While post-mastectomy radiotherapy is a mainstay for the treatment of locally-advanced breast cancer patients, indications for early stages (namely, pT1-2 pN0-1) are less defined, and a clear understanding of predictive factors of locoregional relapse (LRR) is warranted to better establish clinical indications. This study explores the potentials of machine learning (ML)-based algorithms in this clinical setting.

Material and Methods

A total of 2632 patients, treated at the European Institute of Oncology IRCCS, Milan, Italy between 1998 and 2006, who underwent mastectomy without subsequent radiotherapy was considered for the analysis. Three ML- and statistics-based regression models were trained to predict LRR and to estimate the hazard ratios for all the predictor variables. For ML models the importance of the clinical features on the outcome was estimated by permuting out-of-bag (OOB) cases. The concordance index (c-index) was used to compare the performances.

Results

A total of 1823 patients with no missing clinical values was selected for the analysis and randomly split into training and validation set (1367 and 456 patients, respectively, representing 75% and 25% of the whole included population).
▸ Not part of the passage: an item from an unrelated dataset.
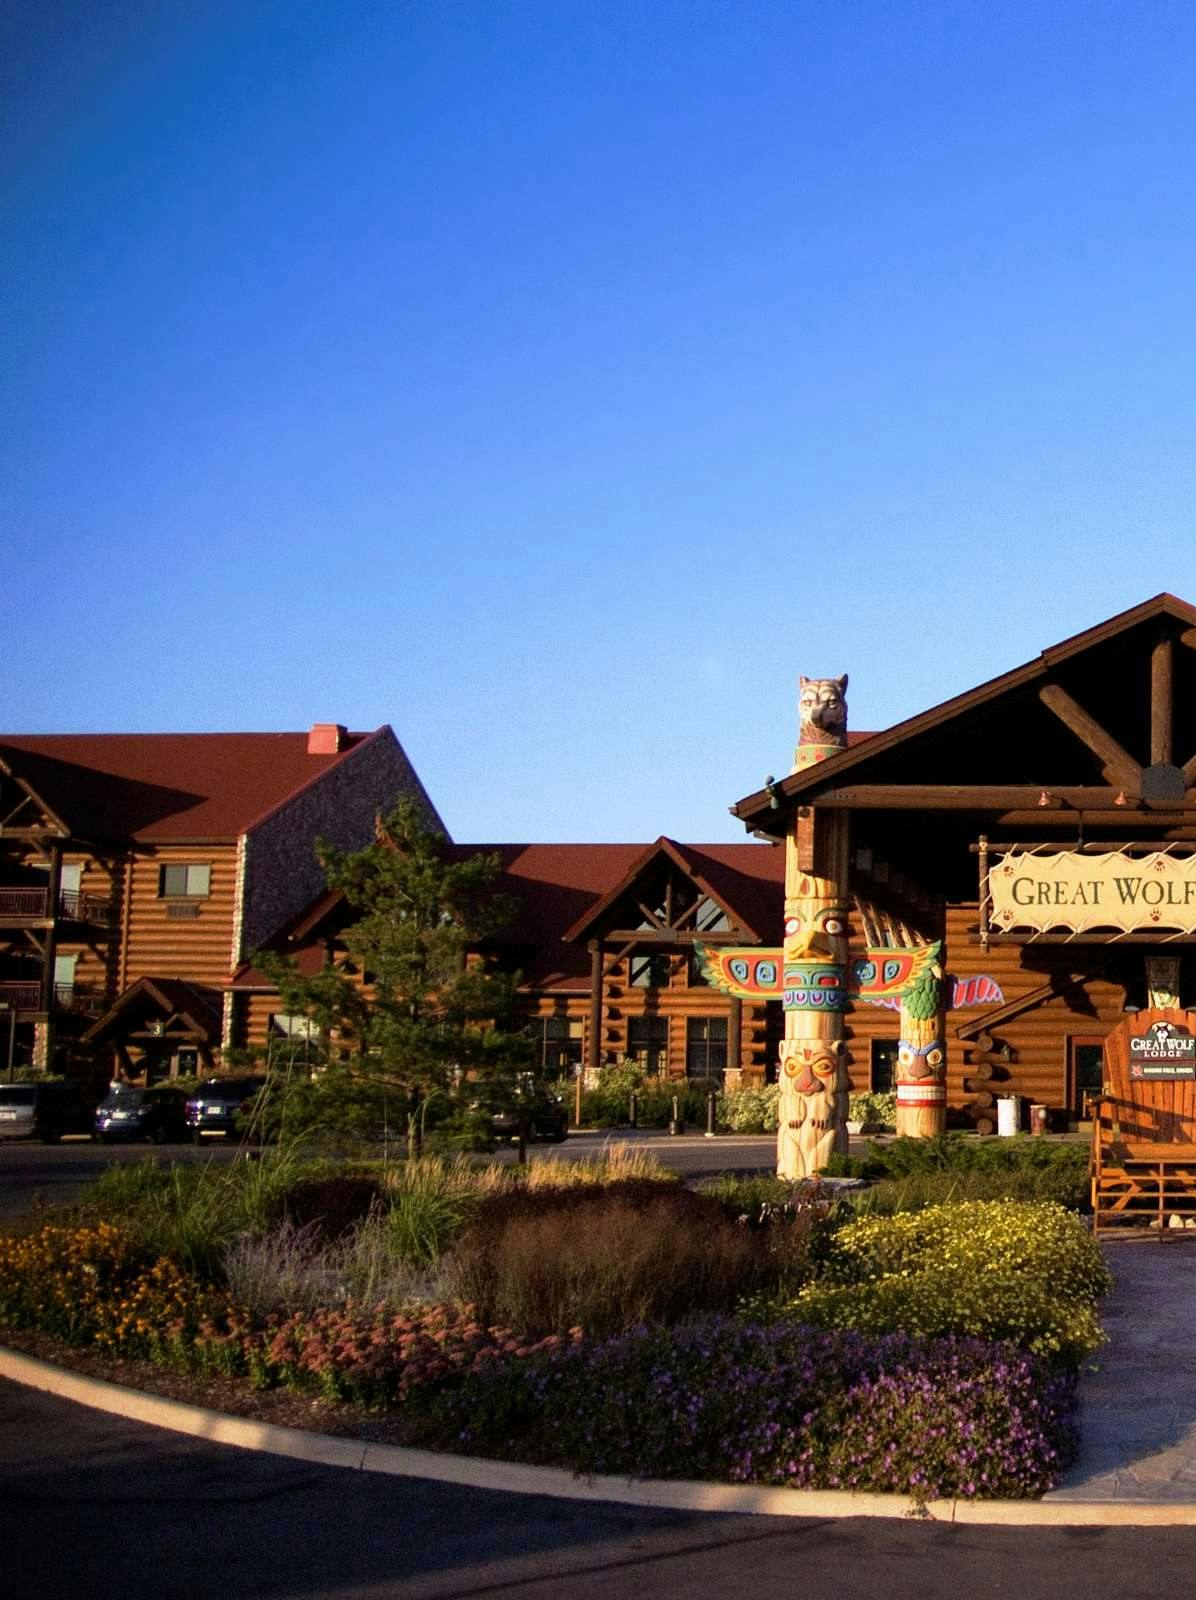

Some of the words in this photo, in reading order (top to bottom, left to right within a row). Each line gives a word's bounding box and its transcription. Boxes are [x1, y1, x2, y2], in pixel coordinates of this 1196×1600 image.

The performance of the Cox’s proportional hazard (CPH) model in the test set was 0.71, while the c-index of Random Survival Forest (SRF) was 0.65 and the one of Survival Support Vector Machine (SSVM) reached 0.67. Considering the validation set, the performance of the CPH was comparable to those of SRF and SSVM, achieving c-indexes of 0.65, 0.65, and 0.67 in the validation test, respectively. Overall, the performance of the Cox’s proportional hazard (CPH) model was comparable to those of Random Survival Forest (SRF) and Survival Support Vector Machine (SSVM), achieving c-indexes of 0.65, 0.65, and 0.67 in the validation test, respectively.

The most significant contributions to the CPH model are shown in Figure 1A. The SRF confirmed the statistically significant contribution of elevated Ki-67 (>20%), the primary tumor staging at surgery (pT), and the execution of any systemic treatment. The combination of risk factors and molecular subtypes also provided a significant contribution to the model, together with young age (<35 years). A graphical representation of variable importance is SRF is reported in Figure 1B



Conclusion

The prediction accuracy between CPH and ML algorithms in terms of C-index was comparable in both the test and validation sets. Overall, results of CPH were largely confirmed by those of SRF, with clinically-meaningful estimates of variables contribution for the prediction of LRR. The quantitative assessment of the importance of individual parameters in SSVM is more challenging. In perspective, external validation would be beneficial to confirm our results.